Wall Street is reassessing Nike’s recovery timeline as tariff exposure, elevated inventory and intensifying competition from adidas, On and Arc’teryx compound its structural challenges. HSBC’s downgrade to Hold reflects a sector under pressure, not just a company in transition.

The world’s largest sportswear company is trading at price levels not seen in more than a decade, and Wall Street’s tolerance for its recovery timeline is narrowing. HSBC moved Nike from “Buy” to “Hold” on Apr. 13, setting a $48 price target — implying roughly 12.7 percent upside from levels that landed near the stock’s 52-week floor. The downgrade was part of a wider HSBC sector note on the global sporting goods industry and frames Nike’s challenges as structural rather than purely cyclical.

Nike’s turnaround is taking longer than expected

HSBC’s note was direct on the near-term outlook: revenues are projected to fall in coming quarters, earnings forecasts have been cut, and cost pressures remain unrelenting. The bank said Nike’s transformation program is advancing more slowly than anticipated, weighing on investor confidence and near-term earnings visibility.

Nike opened on Apr. 14 at $42.59, just above its 52-week low of $42.36 – down sharply from its 52-week high of $80.17. Market capitalization stands at approximately $63 billion. 

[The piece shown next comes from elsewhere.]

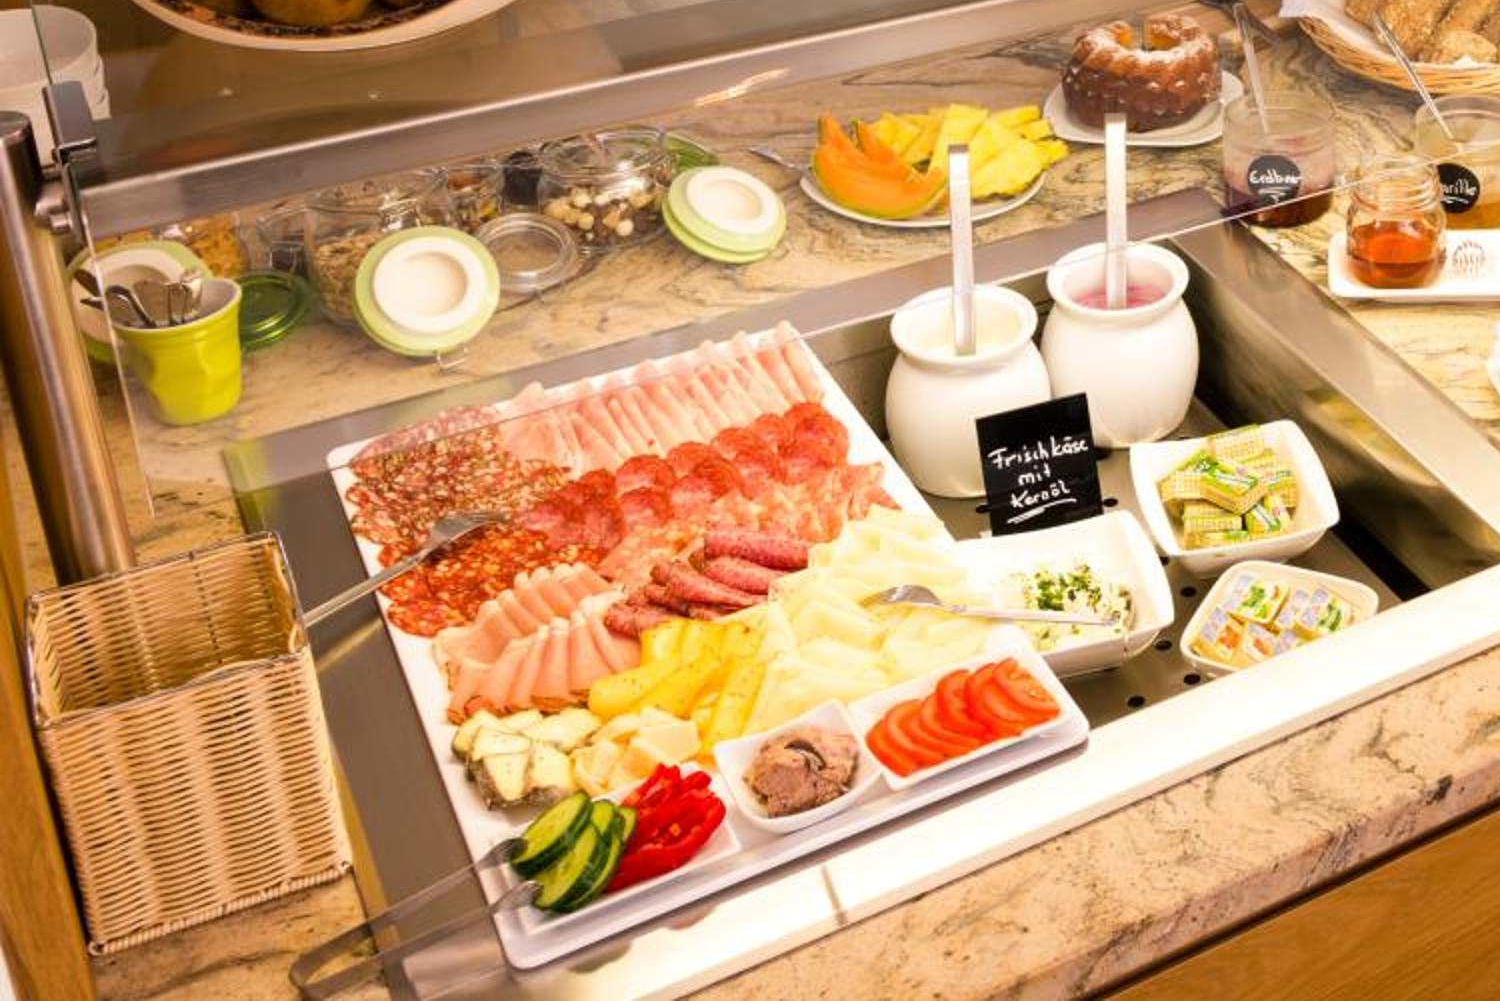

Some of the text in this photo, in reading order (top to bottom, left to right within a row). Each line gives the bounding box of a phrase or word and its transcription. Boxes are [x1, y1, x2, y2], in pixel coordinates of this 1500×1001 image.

[1440, 178, 1477, 196] arille
[988, 436, 1089, 469] Frischkäse
[1018, 463, 1051, 486] mit
[1010, 480, 1071, 508] Kernöl

HSBC is not alone in moderating its view. Citigroup trimmed its price objective from $65 to $53. Piper Sandler cut from $60 to $50. Evercore ISI lowered its target from $69 to $57 while retaining an “outperform” rating. Guggenheim reduced its target from $77 to $74 but held its “buy” stance. Across 36 covering analysts, the consensus is now a “Hold,” with a mean price target of $62.34.

Tariffs add an estimated $1.5 billion in annual costs

The most quantifiable headwind identified in the HSBC note is tariff exposure. The bank estimates that current US trade policy adds approximately $1.5 billion to Nike’s annual cost base. Given the company’s dependence on offshore production, meaningful near-term mitigation is limited. Adidas faces a smaller but still material impact, with HSBC putting the figure at around €200 million for 2026.

The bank also flagged elevated promotional activity across Western markets as Nike works through its inventory overhang. China compounds the picture: macro weakness is running alongside stronger domestic competition, eroding Nike’s position in a region that was once a reliable growth engine.

Sporting goods sector set for 3.9% growth, but Nike may lose ground

HSBC projects the global sportswear market will expand by around 3.9 percent in 2026, with Asia-Pacific as the fastest-growing region. That headline figure, however, masks a shift in competitive positions: the bank expects Nike to concede market share to adidas and to fast-moving challengers including On and Arc’teryx.

The forecast builds on a trend visible since 2023 – the running boom has accelerated the rise of performance-focused brands with distinct positioning, leaving the category leader more exposed than at any point in recent memory.

Insiders still accumulate as Wall Street pulls back

Not all observers have retreated. As reported by Investing.com, two Nike board members added shares in early April. Director Robert Holmes Swan purchased 11,781 shares at $42.44 each, a transaction totaling approximately $500,000. Director John W. Rogers Jr. added 4,000 shares at $43.34, a $173,360 investment that lifted his holdings by 10.8 percent. Institutional investors control 64.25 percent of outstanding shares. Brighton Jones LLC in particular expanded its position by 388.5 percent during the fourth quarter of 2025, adding more than 160,000 units.